VxRail: Node expansion validation error that the host CPU is not compatible with the cluster EVC mode
Summary: For a new node running on VxRail versions from 8.0.320 to 8.0.361, during host first boot, the VxRail manager virtual machine is powered on and configured with Skylake CPU mode. If the cluster EVC mode is lower than Skylake, then adding the new node to the cluster will report CPU incompatible error. ...
Symptoms
Node expansion validate shows error "The host CPU is not compatible with the cluster EVC mode".
You may hit this issue when:
- The new node VxRail version is from 8.0.320 to 8.0.361.
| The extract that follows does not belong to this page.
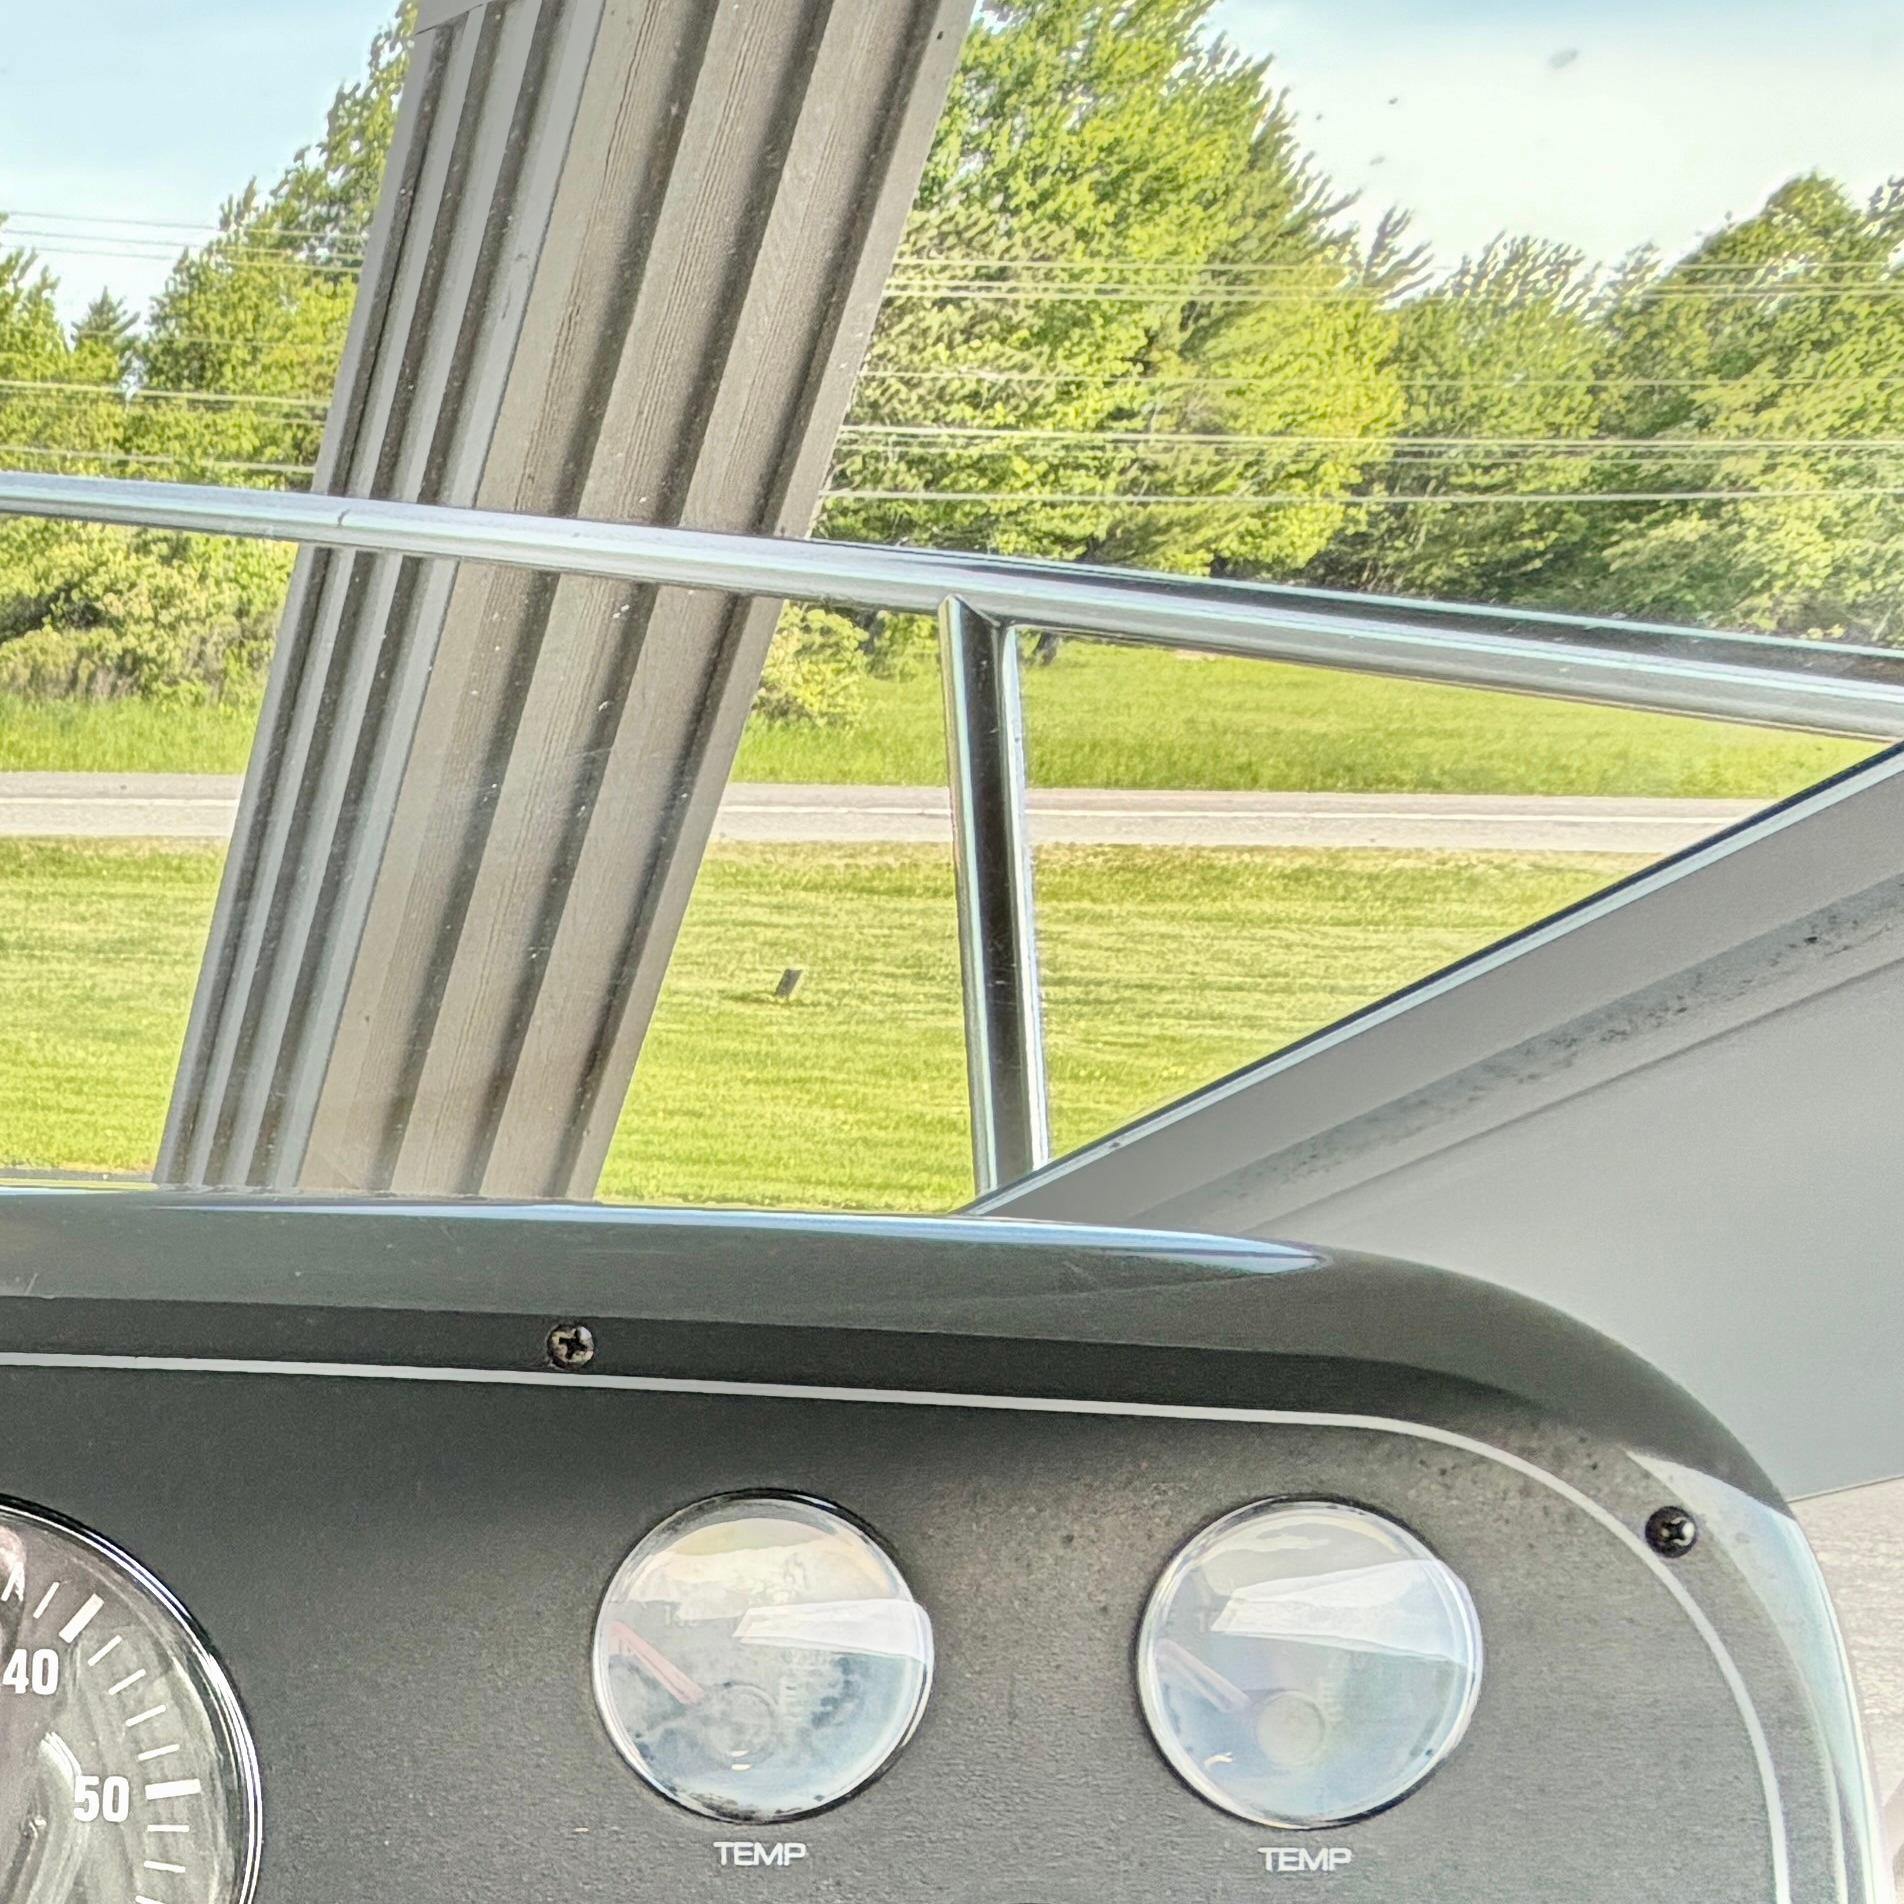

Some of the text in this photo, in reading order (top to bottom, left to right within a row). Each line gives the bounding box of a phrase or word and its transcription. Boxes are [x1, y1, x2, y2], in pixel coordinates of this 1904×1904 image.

[3, 1649, 59, 1695] 40
[73, 1776, 129, 1822] 50
[713, 1841, 807, 1866] TEMP
[1258, 1847, 1353, 1872] TEMP
- The VxRail manager virtual machine on the new node is already powered on.
- The cluster EVC is lower than Skylake, e.g. Haswell.
Cause
For VxRail versions 8.0.320 to 8.0.361, the VxRail manager virtual machine is configured with an CPU mode set to Skylake during the host's first boot.
However, if the cluster was initially deployed on a version earlier than 8.0.320, the default cluster EVC level would have been set to Haswell. Even if the cluster has been upgraded to a newer version, the cluster EVC level remains at Haswell unless manually changed. As a result, when adding a new node with a VM running on Skylake CPU mode, which is higher than the cluster's EVC (Haswell), the validation process will report a CPU incompatibility error.
Resolution
Run the following commands on all the to-be-added new nodes to stop the election service and power off the VxRail manager VM.
esxcli daemon control stop -s election
python /opt/vxutils/data/vxrail-primary --stop
Note: The election service will power on the VxRail manager VM on other nodes, so need to stop the election service on each node before powering off the VxRail manager VM. Do not stop the election service through the UI; please use command.
Additional Information
If the cluster was initially deployed on VxRail 8.0.320 to 8.0.361, the cluster default EVC level is set to Skylake, so you will not hit this issue.
In the future VxRail version higher than 8.0.361, the cluster deployment default EVC level will be set to Haswell again, adding a new node running on 8.0.320 to 8.0.361 may also hit this issue.